§ **Stored records**:
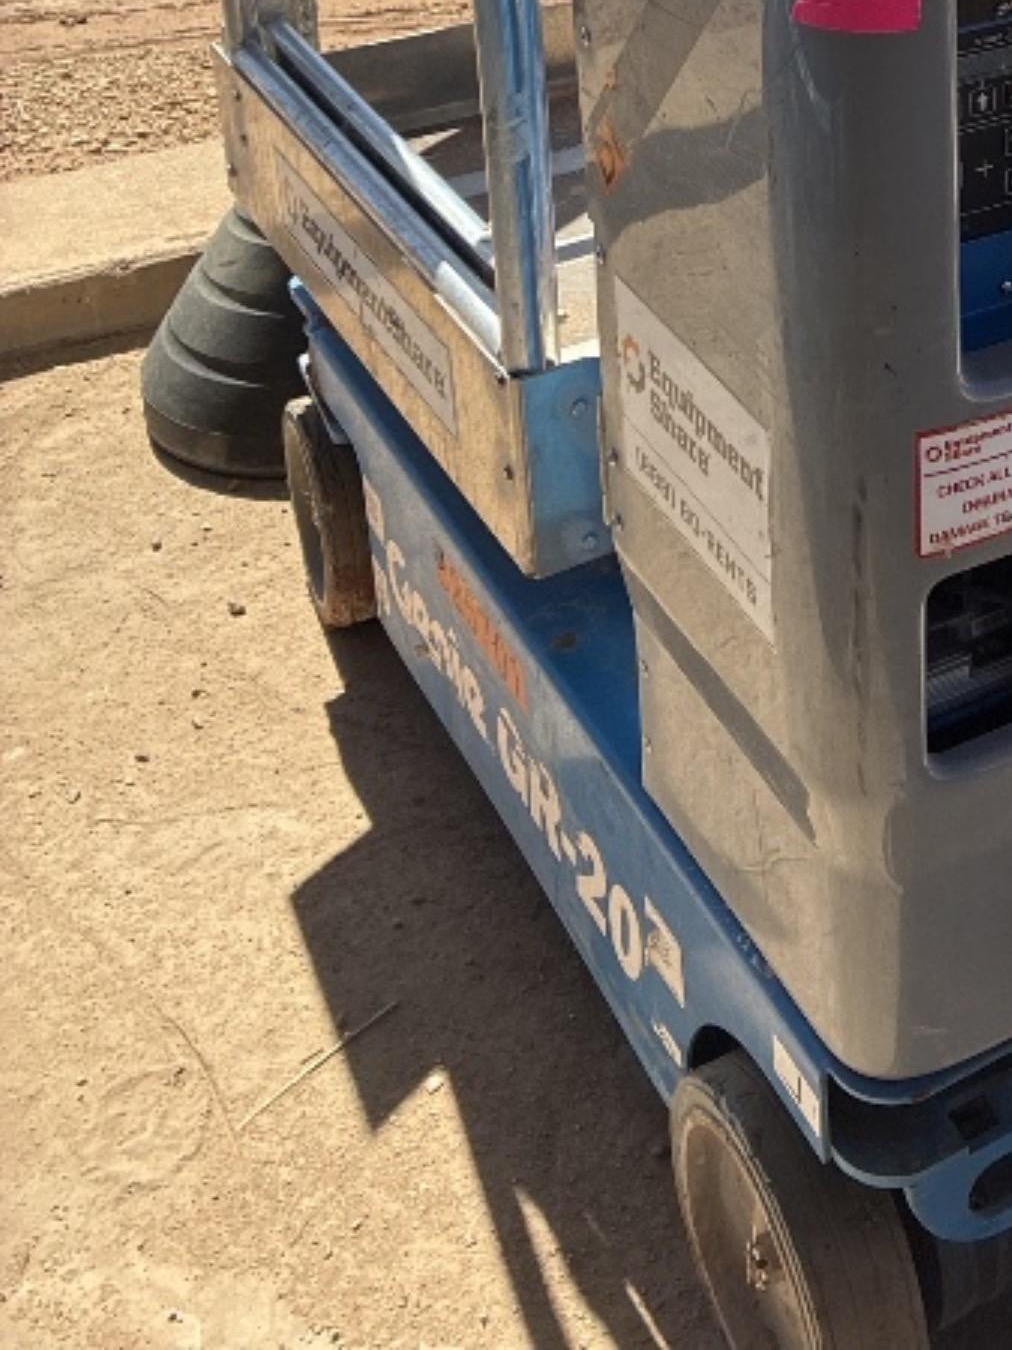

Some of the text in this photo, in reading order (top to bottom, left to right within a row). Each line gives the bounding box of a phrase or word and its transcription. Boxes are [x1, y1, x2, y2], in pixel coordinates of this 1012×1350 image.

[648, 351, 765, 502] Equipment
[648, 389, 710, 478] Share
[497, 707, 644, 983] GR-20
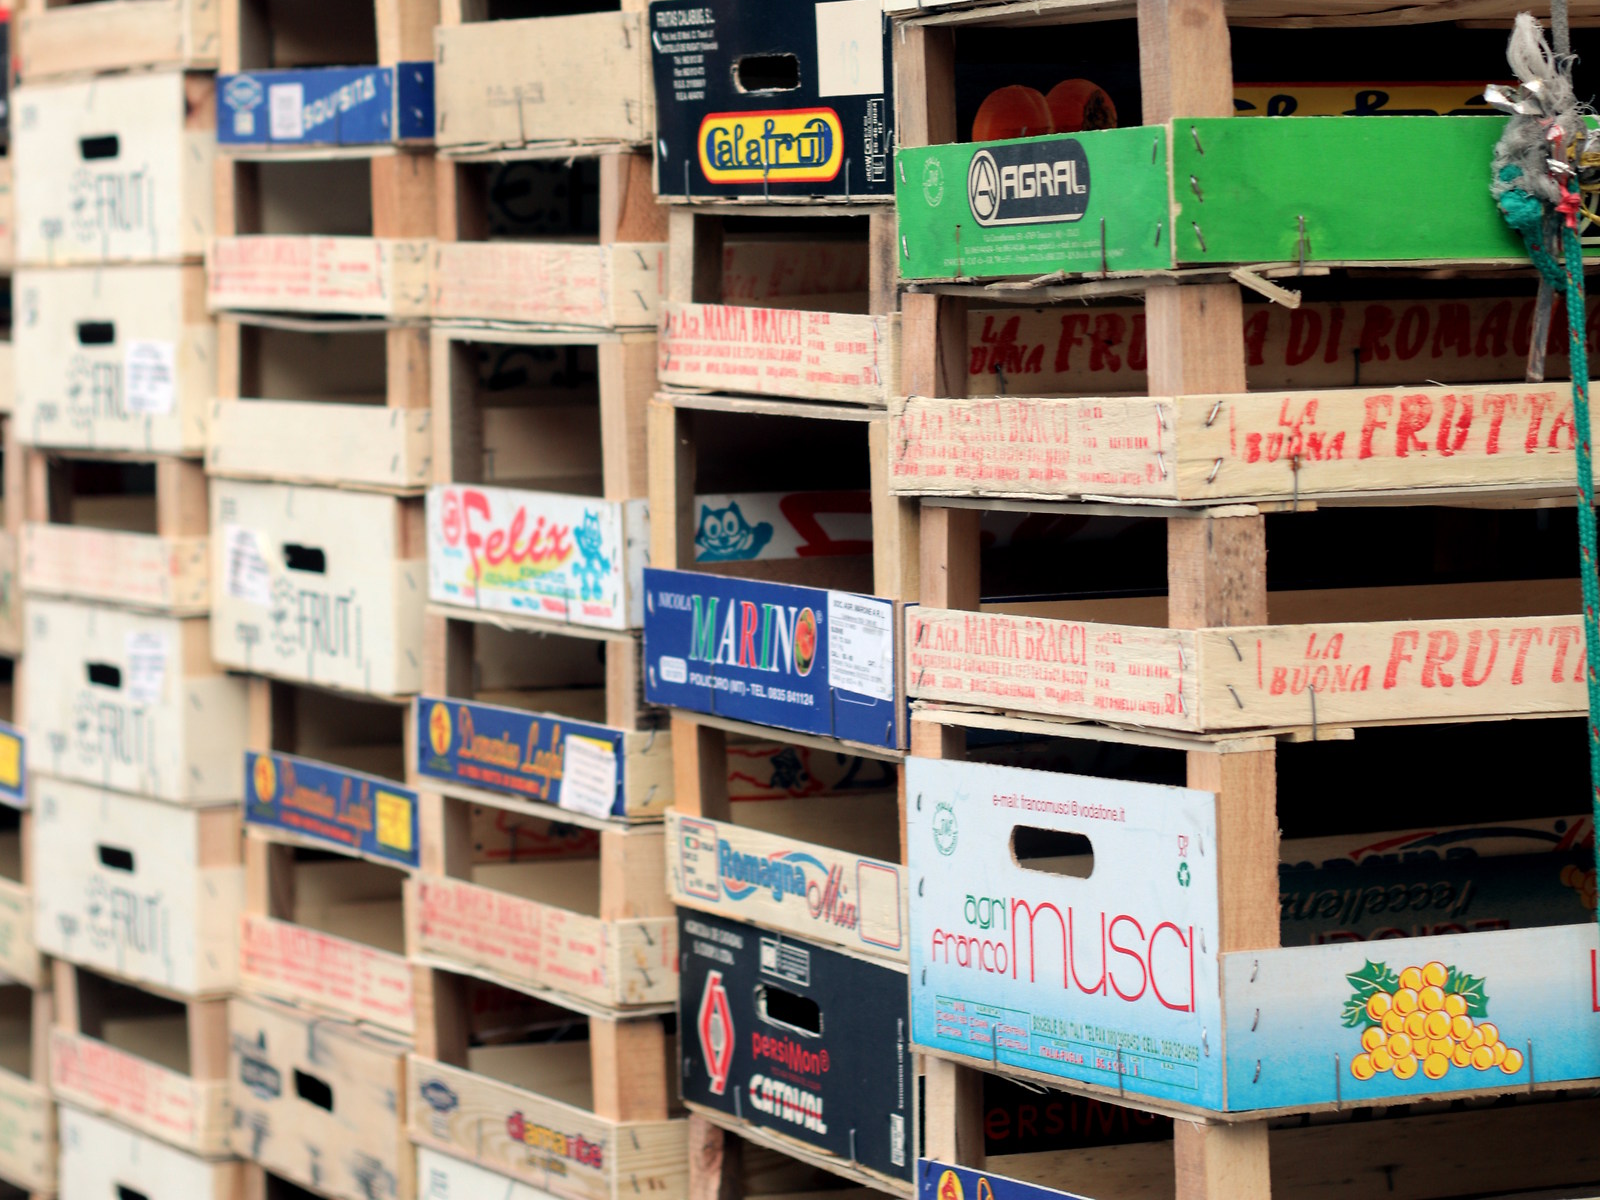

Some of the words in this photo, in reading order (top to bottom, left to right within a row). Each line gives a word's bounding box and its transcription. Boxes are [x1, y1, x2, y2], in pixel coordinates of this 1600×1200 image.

§ **Instructions for the task**: The copy should hold every entry above word for word and none of the pictures.

§ **Solution for this task**:
Some of the text in this photo, in reading order (top to bottom, left to right within a row). Each line gives the bounding box of a phrase or word and its transcription. Boxes are [x1, y1, x2, y2], in pixel coordinates of this 1012×1350 image.

[648, 351, 765, 502] Equipment
[648, 389, 710, 478] Share
[497, 707, 644, 983] GR-20

Some of the words in this photo, in reading order (top to bottom, left to right within a row). Each line gives a word's bounding box and its transcription. Boxes are [x1, y1, x2, y2], in pixel coordinates of this 1600×1200 image.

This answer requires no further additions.